UK study reveals that only 34% of people with type 2 diabetes are adequately monitored
The result of a major 10-year study of people with type 2 diabetes in the UK has revealed that only 34% of patients were adequately monitored and 62% of patients had uncontrolled blood glucose levels (HbA1c ≥7.5) when taking two or more oral medicines.
NICE recommends that insulin should be offered to all patients whose blood glucose is inadequately controlled on oral medicines. Despite the guidance and the high level of uncontrolled patients recorded, researchers observed that only 10% of patients with evidence of poor control initiated insulin during the study.
The study involved over 62,000 people with type 2 diabetes, of which around 14,800 were taking multiple oral agents concurrently. Patients were assessed using a routine HbA1c test, which can detect whether or not blood glucose is being successfully controlled. NICE guidance recommends that people with type 2 diabetes should have their HbA1c measured every two to six months, and achieve a target HbA1c of 6.5-7.5%.

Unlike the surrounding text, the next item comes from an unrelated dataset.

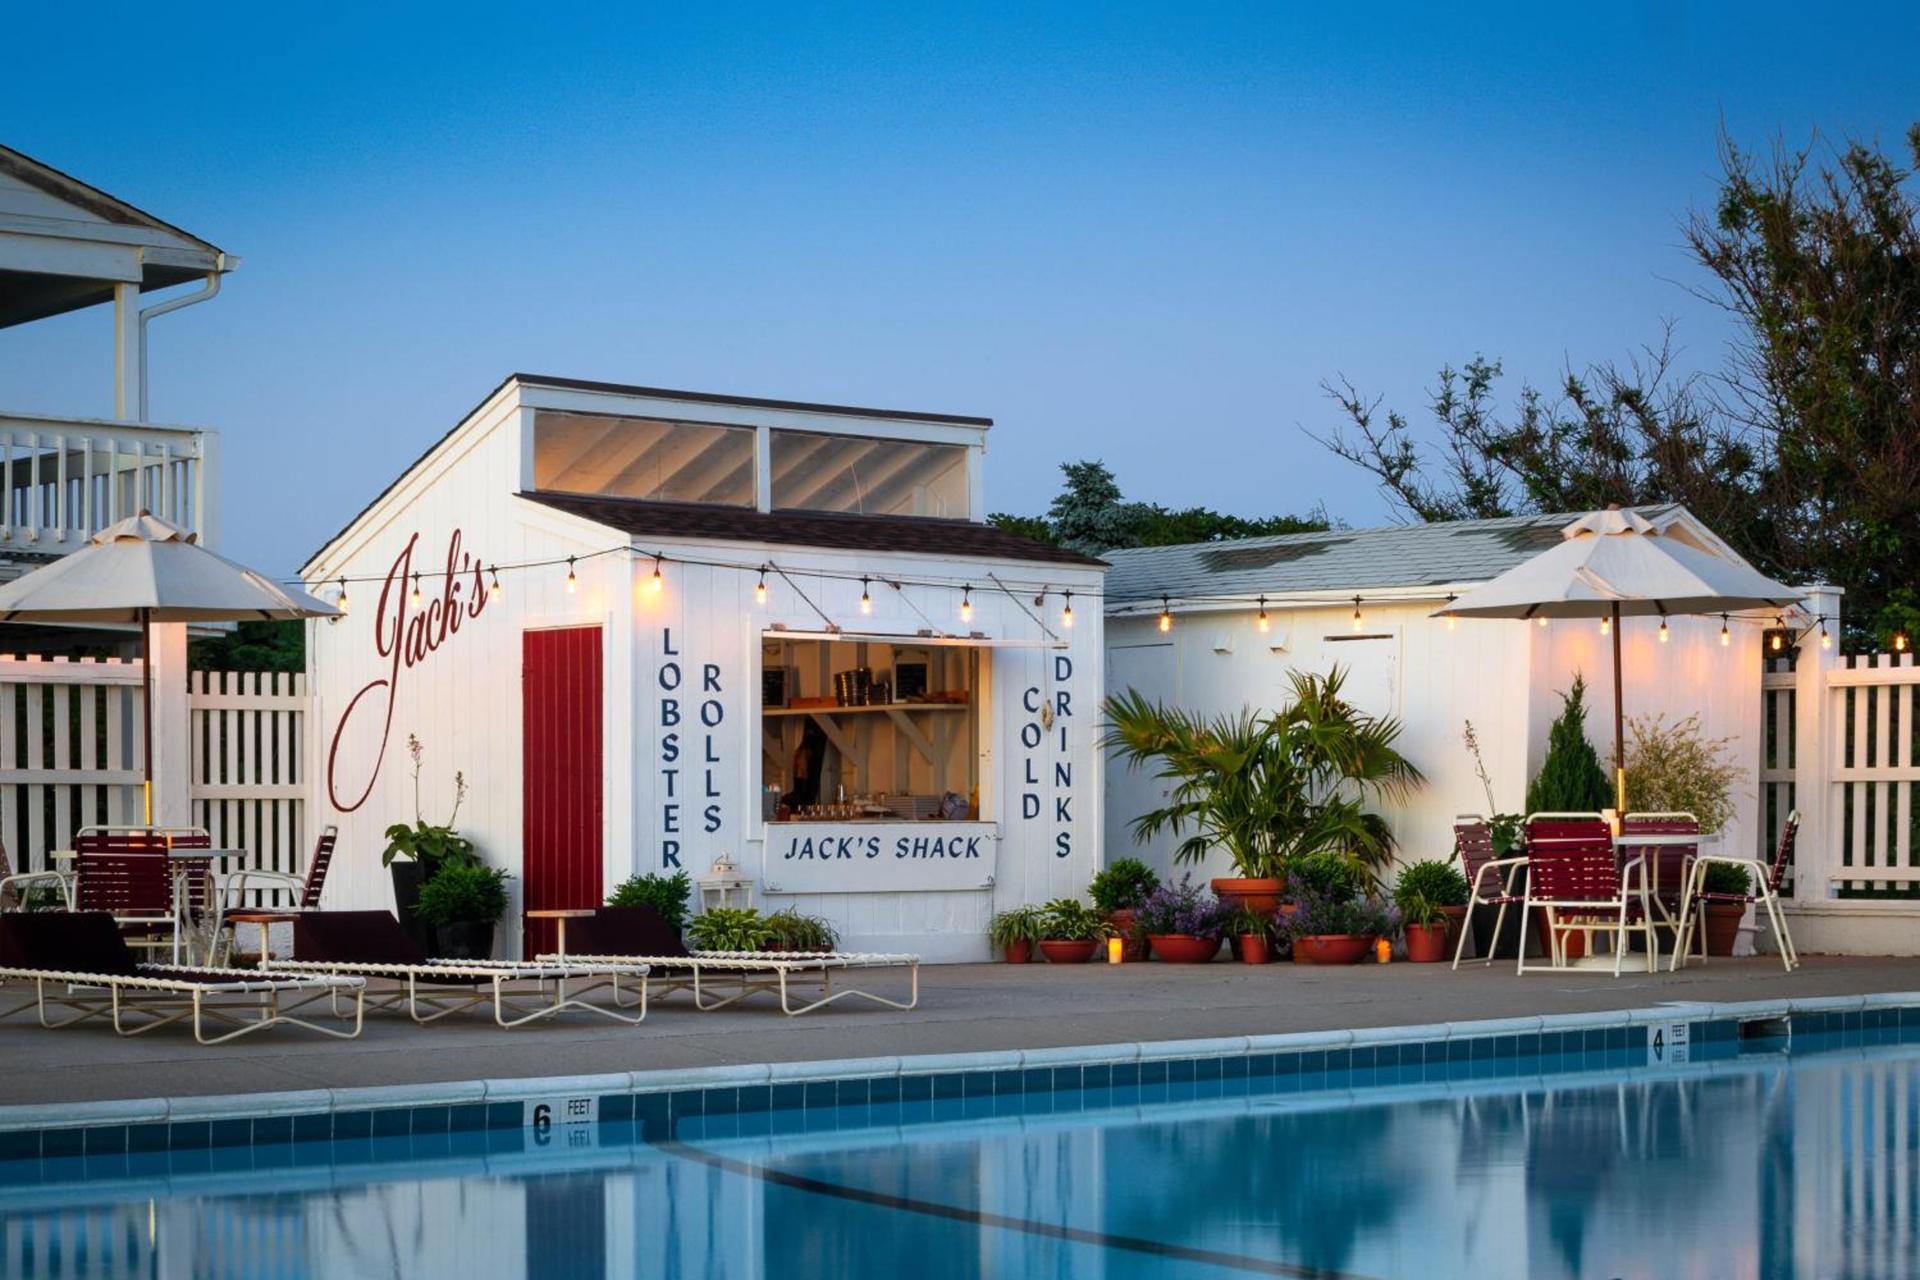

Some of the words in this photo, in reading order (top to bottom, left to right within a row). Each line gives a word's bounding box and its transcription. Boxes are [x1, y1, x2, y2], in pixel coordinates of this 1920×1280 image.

Study investigator Dr Melanie Calvert, research fellow at the Department of Primary Care and General Practice, University of Birmingham, said: "While it may be unrealistic for some patients to meet current targets, many patients appear to require more routine monitoring and intensive treatment. Changes are needed in professional practice and interventions to help patients understand that diabetes is a progressive disease, to reduce self-blame and to understand the potential benefits from improved glycaemic control."
In the study, the average time to insulin initiation in people with type 2 diabetes prescribed two or more oral medicines was 7.7 years. This supports previous studies that have consistently demonstrated the difficultly faced in initiating insulin:
57% of patients with type 2 diabetes are worried about starting insulin.

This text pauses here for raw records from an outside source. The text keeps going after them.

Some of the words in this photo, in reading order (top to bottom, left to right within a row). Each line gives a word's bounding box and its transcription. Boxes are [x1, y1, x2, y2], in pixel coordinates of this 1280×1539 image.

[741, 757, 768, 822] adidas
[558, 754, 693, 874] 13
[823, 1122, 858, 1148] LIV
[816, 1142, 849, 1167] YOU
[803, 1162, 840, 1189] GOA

27% of people with type 2 diabetes initially refused to take insulin.
42% of type 1 and type 2 patients expressed concern at having to inject more frequently.
50-55% of GPs and nurses postpone insulin until absolutely essential.
Studies have shown that nearly three times as many patients would choose to start insulin therapy when inhaled insulin was included as a treatment option, compared to those where subcutaneous insulin was the only treatment option.